DESCRIPTION OF THE TASK:
The answer is the full listing restated exactly, without any pictures.
○ ○ ○ ○
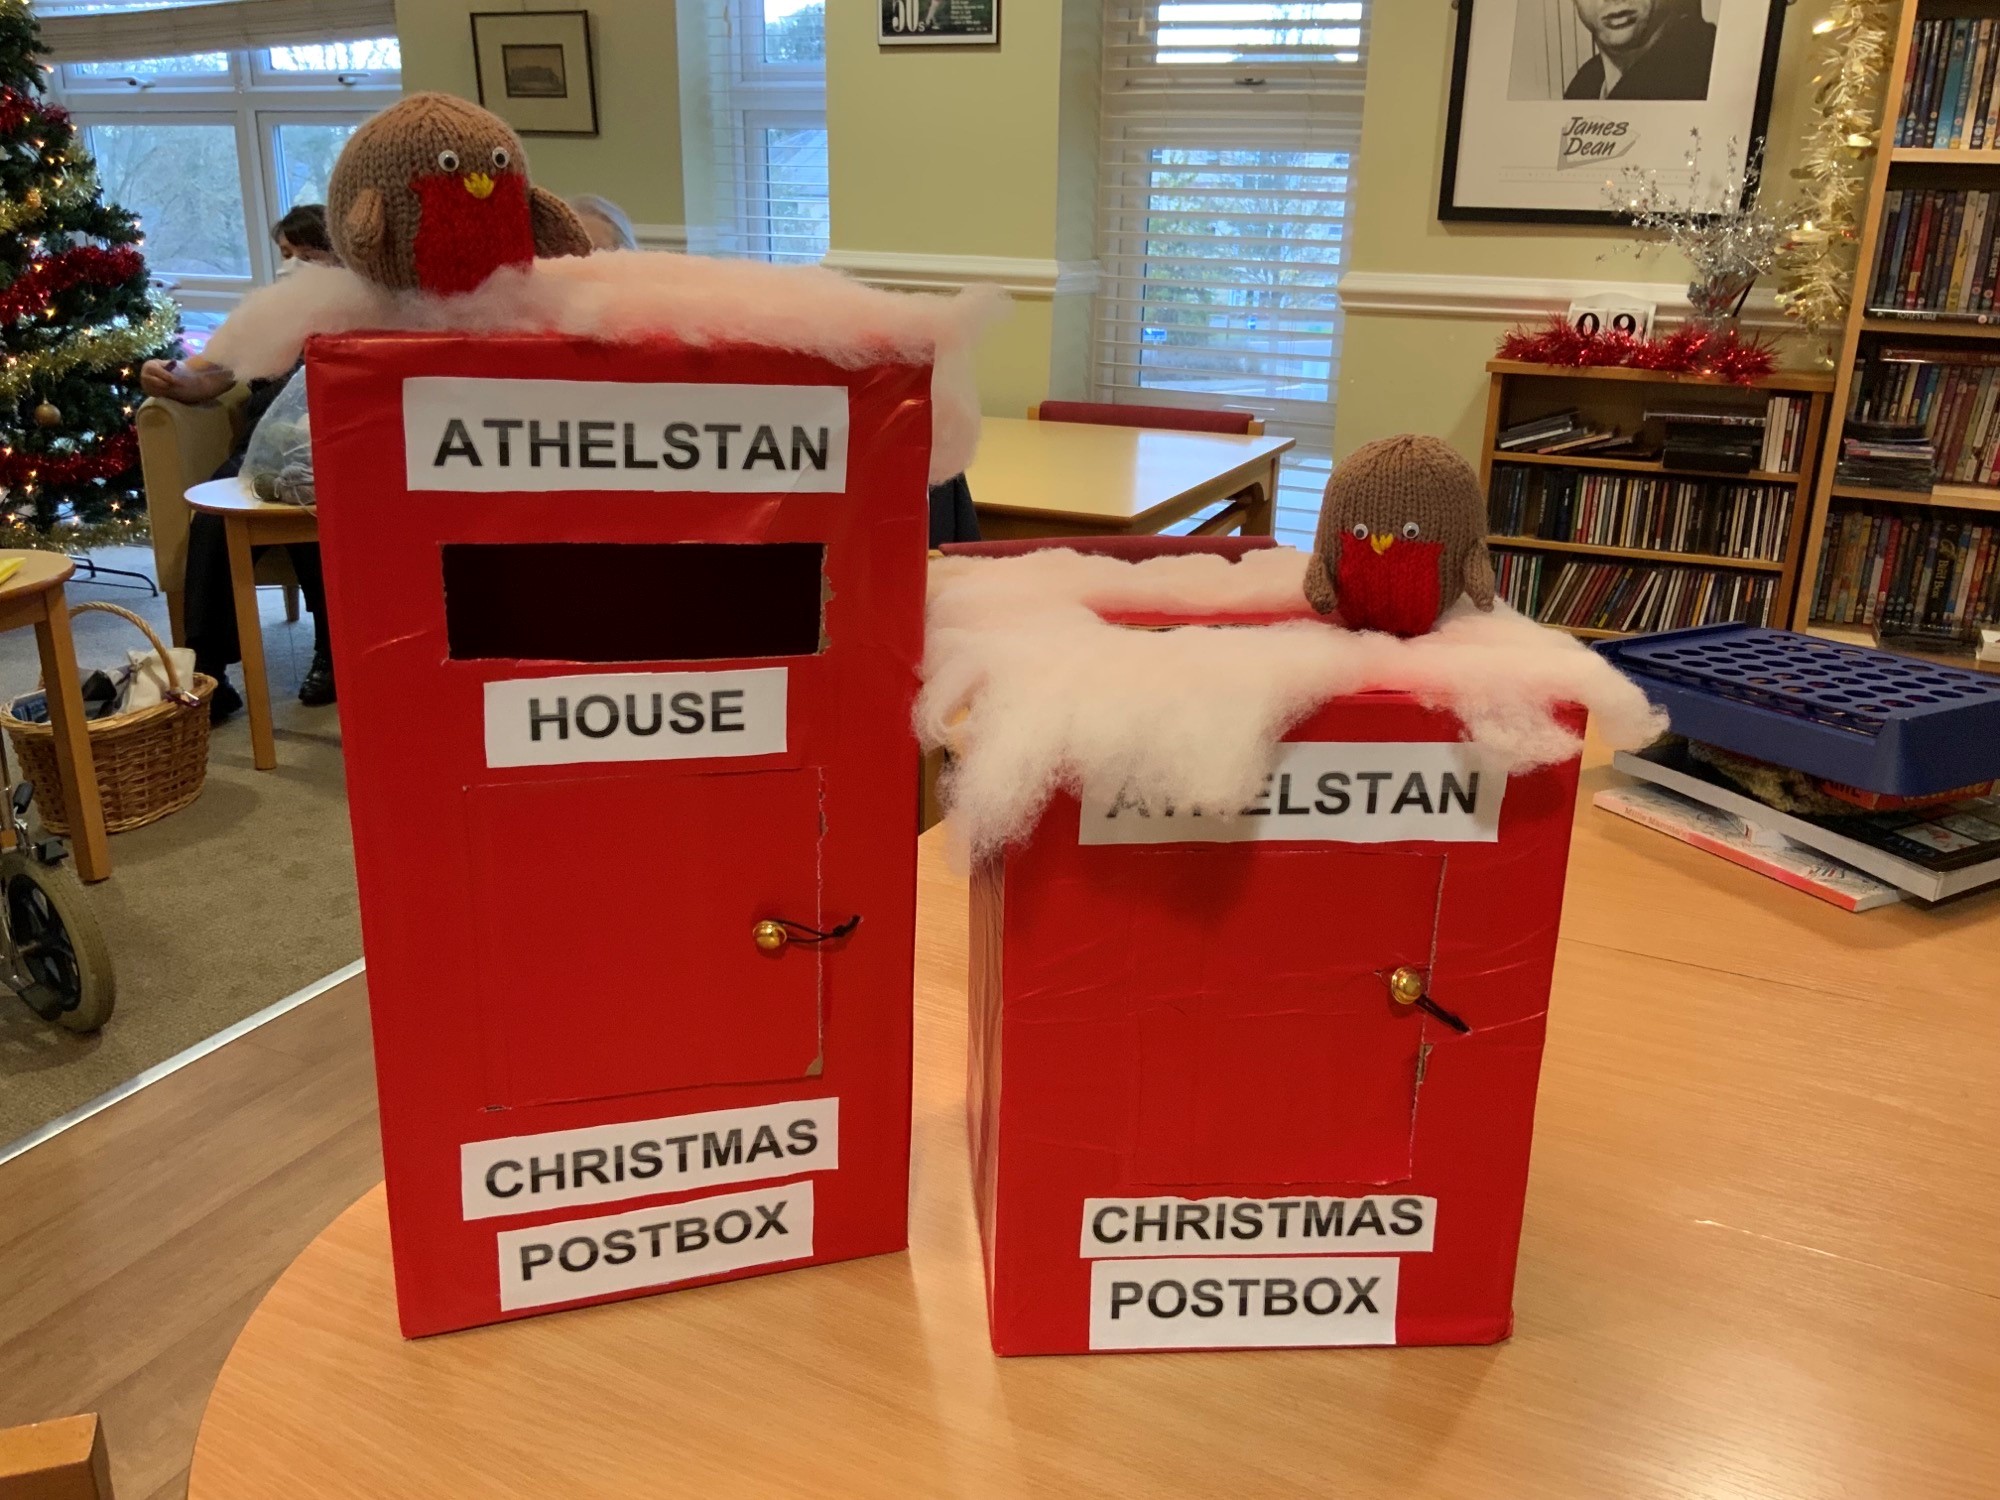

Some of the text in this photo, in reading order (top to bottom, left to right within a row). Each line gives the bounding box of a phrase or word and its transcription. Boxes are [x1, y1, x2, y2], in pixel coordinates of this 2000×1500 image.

[1562, 117, 1629, 136] James
[1564, 138, 1616, 156] Dean
[432, 419, 829, 471] ATHELSTAN
[528, 690, 745, 741] HOUSE
[1106, 771, 1479, 818] AELSTAN
[485, 1118, 818, 1198] CHRISTMAS
[520, 1201, 789, 1281] POSTBOX
[1092, 1197, 1424, 1244] CHRISTMAS
[1110, 1276, 1381, 1320] POSTBOX
○ ○ ○ ○
ANSWER TO THE PROBLEM:
Some of the text in this photo, in reading order (top to bottom, left to right within a row). Each line gives the bounding box of a phrase or word and its transcription. Boxes are [x1, y1, x2, y2], in pixel coordinates of this 2000×1500 image.

[1562, 117, 1629, 136] James
[1564, 138, 1616, 156] Dean
[432, 419, 829, 471] ATHELSTAN
[528, 690, 745, 741] HOUSE
[1106, 771, 1479, 818] AELSTAN
[485, 1118, 818, 1198] CHRISTMAS
[520, 1201, 789, 1281] POSTBOX
[1092, 1197, 1424, 1244] CHRISTMAS
[1110, 1276, 1381, 1320] POSTBOX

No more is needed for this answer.